> **TASK STATEMENT**: Copy out the data exactly, leaving the pictures behind.

> **RECORDS SUPPLIED**:
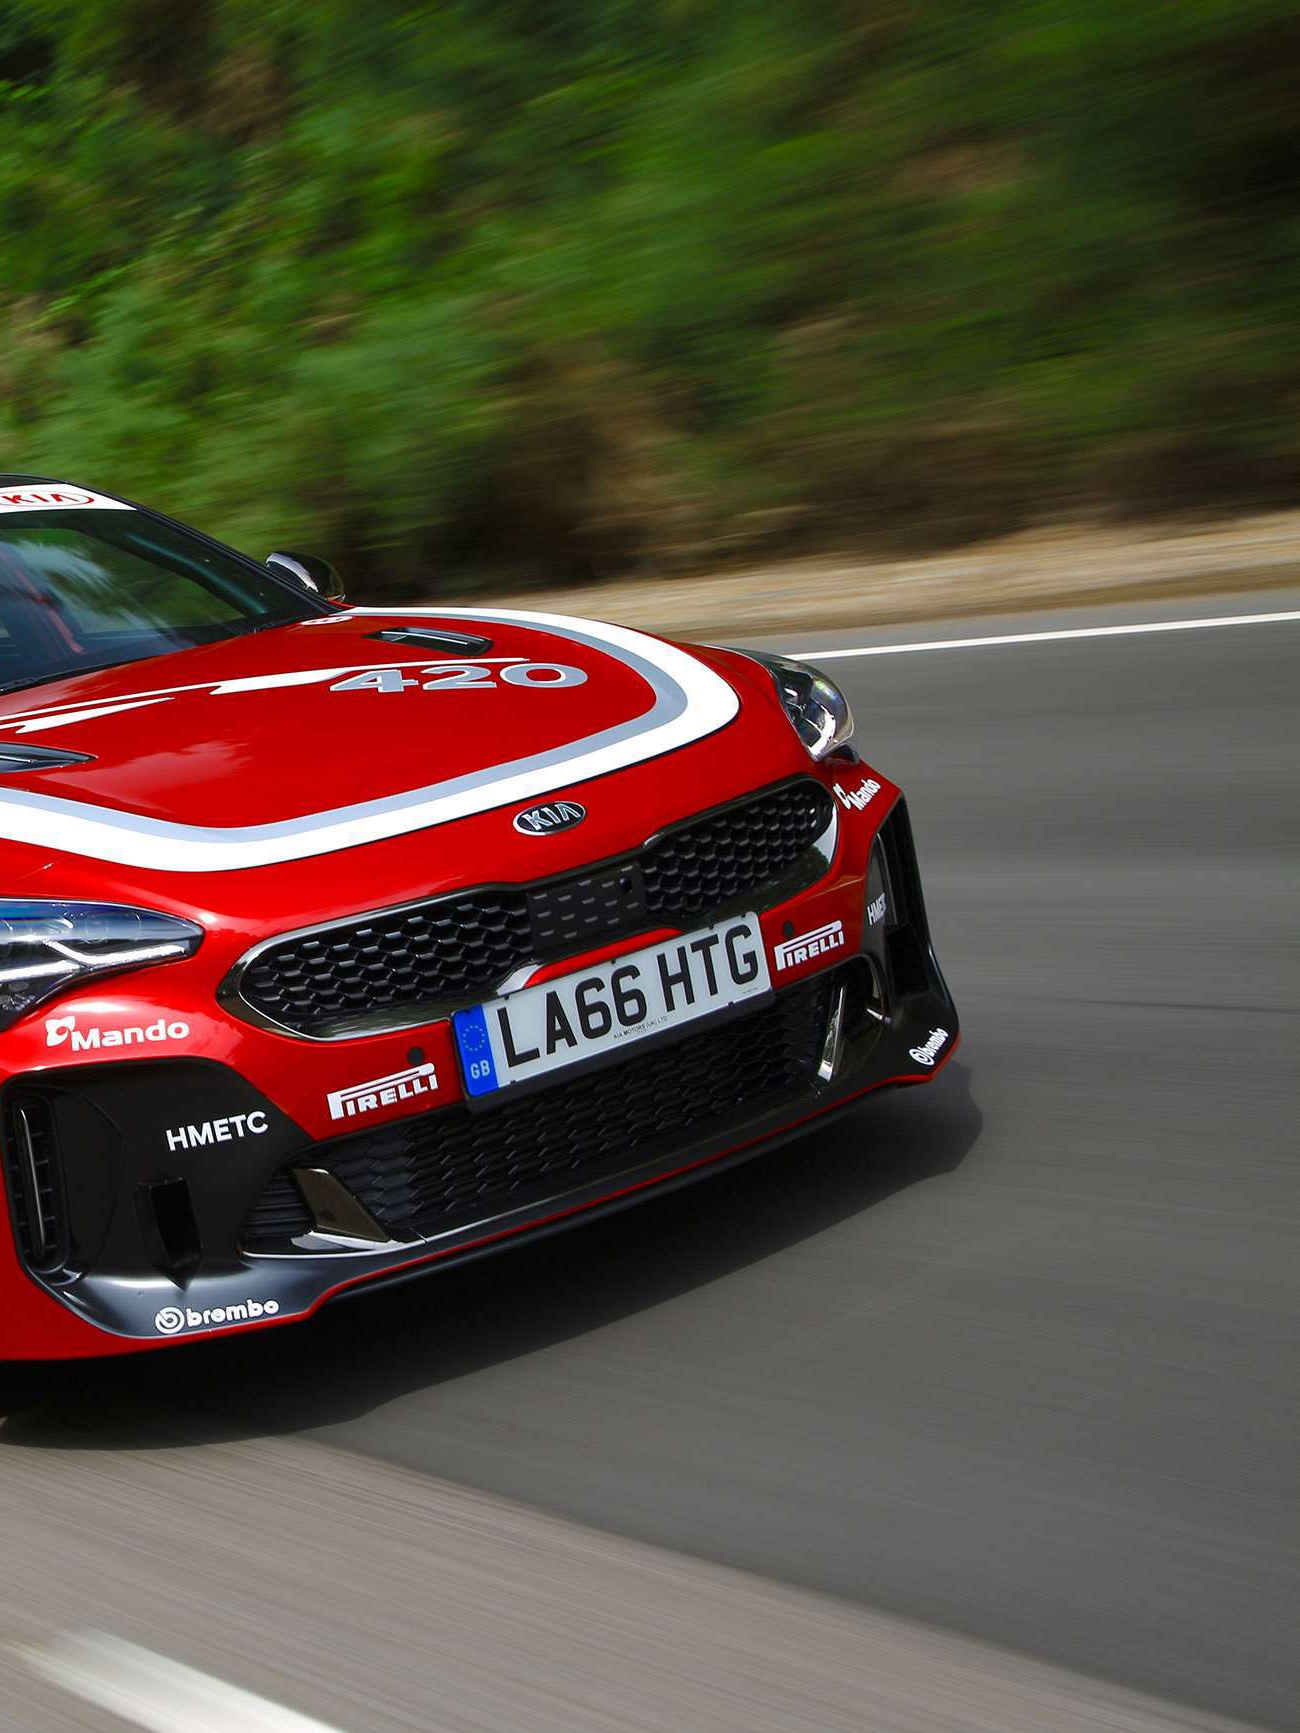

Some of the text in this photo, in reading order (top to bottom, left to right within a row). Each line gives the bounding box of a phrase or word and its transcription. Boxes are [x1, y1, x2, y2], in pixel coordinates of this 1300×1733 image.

[329, 662, 589, 693] 420
[846, 778, 881, 811] Mando
[521, 802, 582, 832] KIA
[773, 919, 845, 972] PIRELLI
[496, 923, 759, 1069] LA66 HTG
[71, 1018, 190, 1052] Mando
[916, 1027, 949, 1059] brembo
[470, 1059, 491, 1080] GB
[326, 1062, 439, 1121] PIRELLI
[165, 1110, 269, 1152] HMETC
[185, 1298, 280, 1328] brembo
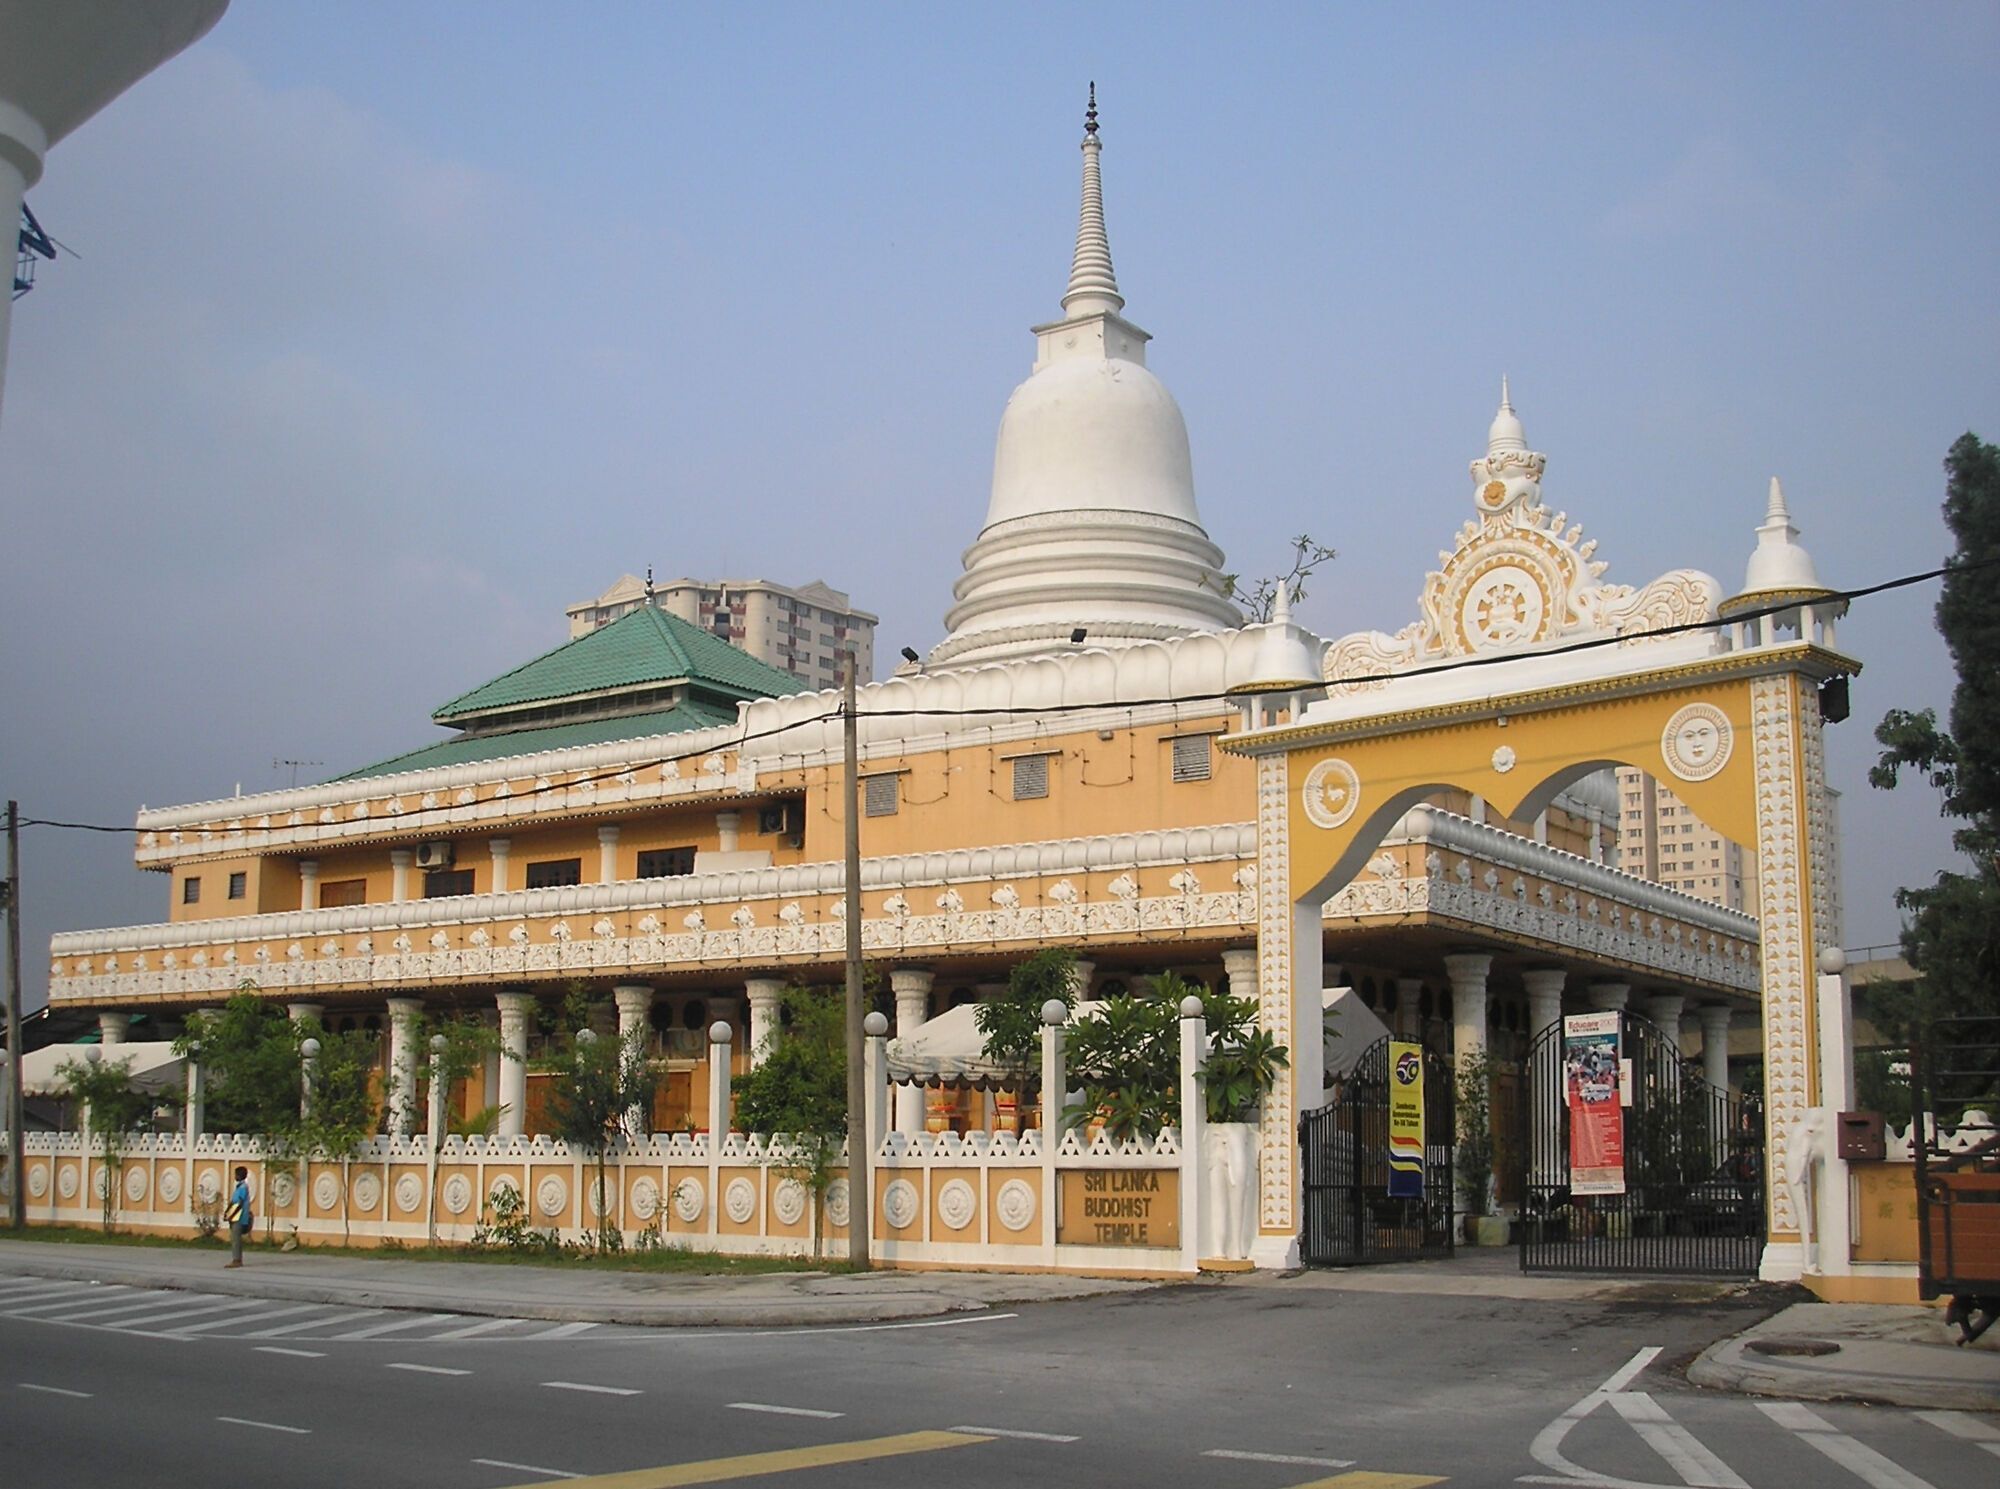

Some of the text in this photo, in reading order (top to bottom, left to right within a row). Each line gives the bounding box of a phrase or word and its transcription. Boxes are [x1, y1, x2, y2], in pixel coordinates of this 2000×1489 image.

[1085, 1171, 1159, 1192] SRI LANKA
[1085, 1197, 1152, 1217] BUDDHIST
[1094, 1223, 1148, 1245] TEMPLE

> **ANSWER TO THE EXERCISE**:
Some of the text in this photo, in reading order (top to bottom, left to right within a row). Each line gives the bounding box of a phrase or word and its transcription. Boxes are [x1, y1, x2, y2], in pixel coordinates of this 1300×1733 image.

[329, 662, 589, 693] 420
[846, 778, 881, 811] Mando
[521, 802, 582, 832] KIA
[773, 919, 845, 972] PIRELLI
[496, 923, 759, 1069] LA66 HTG
[71, 1018, 190, 1052] Mando
[916, 1027, 949, 1059] brembo
[470, 1059, 491, 1080] GB
[326, 1062, 439, 1121] PIRELLI
[165, 1110, 269, 1152] HMETC
[185, 1298, 280, 1328] brembo

Some of the text in this photo, in reading order (top to bottom, left to right within a row). Each line gives the bounding box of a phrase or word and its transcription. Boxes are [x1, y1, x2, y2], in pixel coordinates of this 2000×1489 image.

[1085, 1171, 1159, 1192] SRI LANKA
[1085, 1197, 1152, 1217] BUDDHIST
[1094, 1223, 1148, 1245] TEMPLE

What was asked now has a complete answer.